Grandi proprietà storiche. Vissute di nuovo.
L’età dell’eclettismo: A partire dalla metà dell’Ottocento, l’architettura eclettica si afferma in un’epoca segnata dall’industrializzazione e dalla trasformazione delle città. Gli architetti si allontanano dai rigidi principi del neoclassicismo e recuperano motivi e forme del romanico, del neogotico, del Rinascimento, del barocco e del rococò. L’eclettismo nasce dalla scelta, dalla combinazione e dalla reinterpretazione di linguaggi architettonici del passato per creare nuove espressioni.
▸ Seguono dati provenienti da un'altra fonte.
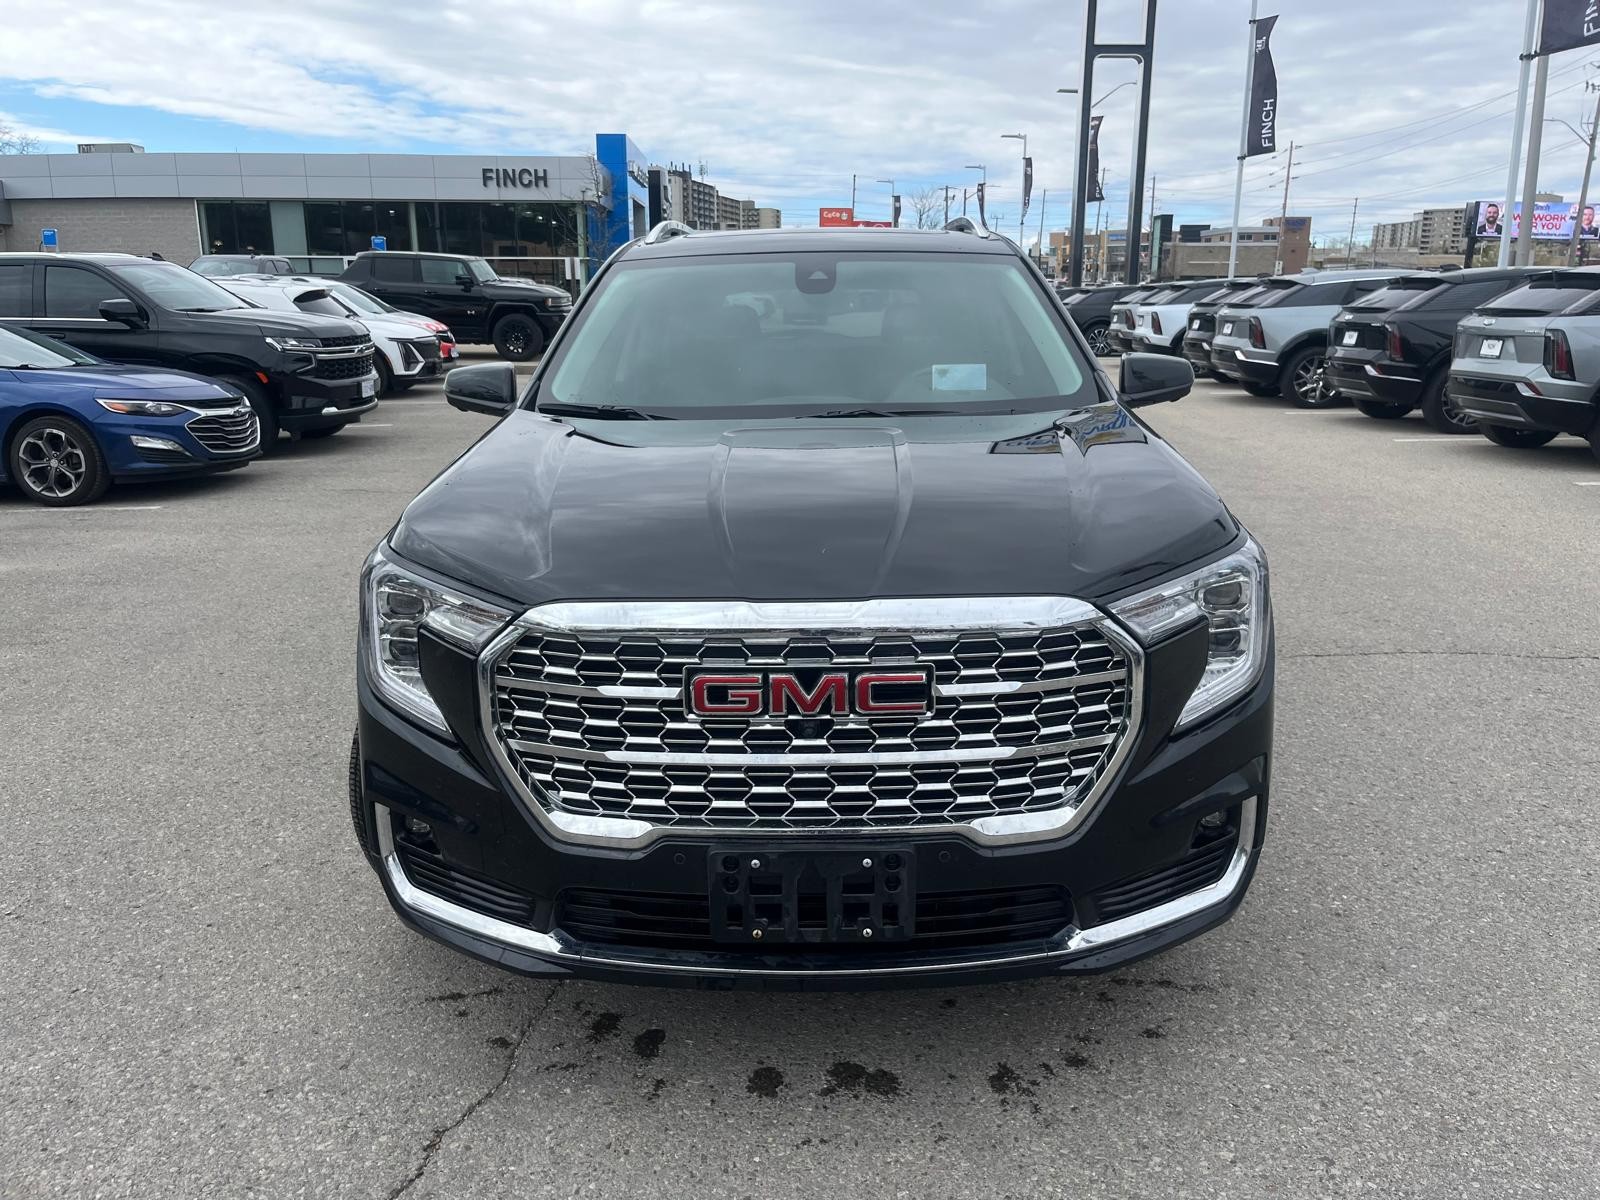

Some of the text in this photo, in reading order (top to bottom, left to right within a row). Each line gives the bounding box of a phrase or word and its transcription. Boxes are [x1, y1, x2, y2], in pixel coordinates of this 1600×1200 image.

Questa stagione architettonica unisce i riferimenti storici ai progressi dell’ingegneria e delle tecniche costruttive. L’impiego della ghisa e dell’acciaio rende possibili grandi edifici pubblici, palazzi, ville e residenze di campagna caratterizzati da facciate elaborate, ricchi apparati decorativi e raffinati dettagli architettonici.
In Italia, architetti come Giuseppe Sommaruga ed Ernesto Basile rappresentano alcune delle figure più significative di questa evoluzione, con opere che combinano riferimenti storici, decorazione e innovazione costruttiva. In altri paesi europei, protagonisti come Friedrich August Stüler contribuirono a definire un’architettura capace di coniugare la tradizione con le nuove tecniche costruttive.
All’interno dell’eclettismo si sviluppano diverse correnti stilistiche, tra cui il neorinascimento e il neobarocco. Questi linguaggi trovano espressione in palazzi, ville, dimore storiche e residenze di prestigio, ma anche in importanti edifici pubblici come teatri d’opera e musei.
Castelli, dimore signorili, palazzi e ville d’epoca realizzati tra il 1850 e il 1920 circa testimoniano la complessità architettonica e l’elevato livello artigianale di questo periodo. Le loro architetture riflettono un’epoca in cui l’edificio diventava anche espressione di status sociale, prestigio e continuità culturale.